Nous savons tous qu’il est important d’être motivé dans la vie. Nous l’apprenons aux élèves. Aujourd’hui la majorité des personnels se trouve désorientée par cette façon de faire  arbitraire et autoritaire de la présidence. Façon qui ne ressemble en rien à la manière de travailler de notre équipe pour éduquer nos jeunes. Aujourd’hui à force de ne pas être entendues et si peu considérées, nos équipes pédagogique et enseignante, qui cependant continuent à faire leur travail pour le bon fonctionnement du collège et la formation de nos jeunes,  pourraient bien perdre la motivation et la confiance qui les animent.

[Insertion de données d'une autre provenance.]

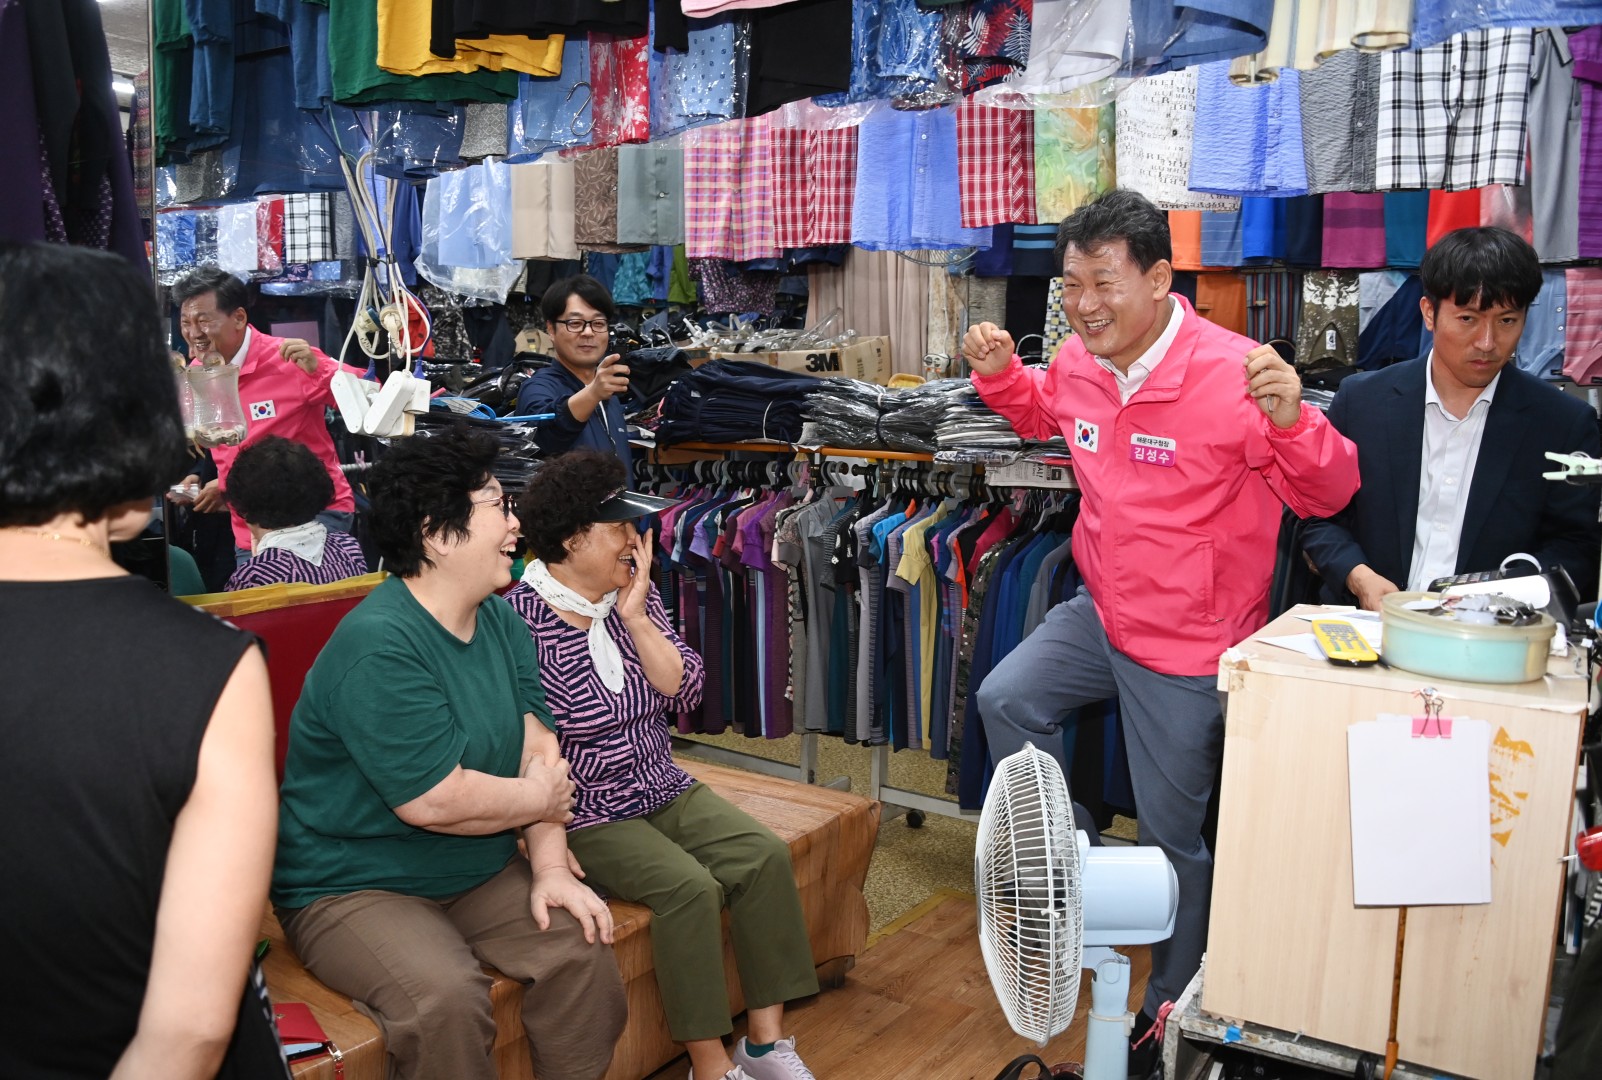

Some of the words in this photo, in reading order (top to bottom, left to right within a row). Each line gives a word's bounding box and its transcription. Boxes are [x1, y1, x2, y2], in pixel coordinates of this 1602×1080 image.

[805, 352, 840, 373] 3M
[1136, 436, 1170, 448] 해운대구청장
[1134, 447, 1170, 464] 김성수

           Nous trouvons bien regrettable que dans une structure à taille humaine comme la nôtre où l’on prône l’ouverture d’esprit, l’écoute, le dialogue, beaucoup de notre énergie soit dépensée à contester des initiatives malheureuses d’une présidence despotique alors que cette même énergie dont nous avons grand besoin, serait mieux employée à servir dans la sérénité nos jeunes et notre collège.

           L’attribution, l’an prochain, de nouveaux locaux pour le collège Léon Còrdas est indiscutablement une excellente nouvelle. Il faut donc dès maintenant penser qu’une équipe pédagogique sereine sera indispensable au bon fonctionnement de cette belle structure. Cette équipe existe, pour donner sa plénitude elle a plus que tout besoin d’encouragements et de reconnaissance. Elle vous prie de croire à son plus profond respect.


Les signataires : Animateurs de nuit : Julien, Anne, Katia, (Jaufré, délégué du personnel).

Animateurs de jour : Marine, Hervé, Mondine.

CPE : J.Michel. CDI : Laurent. Personnel de service : Fawzia.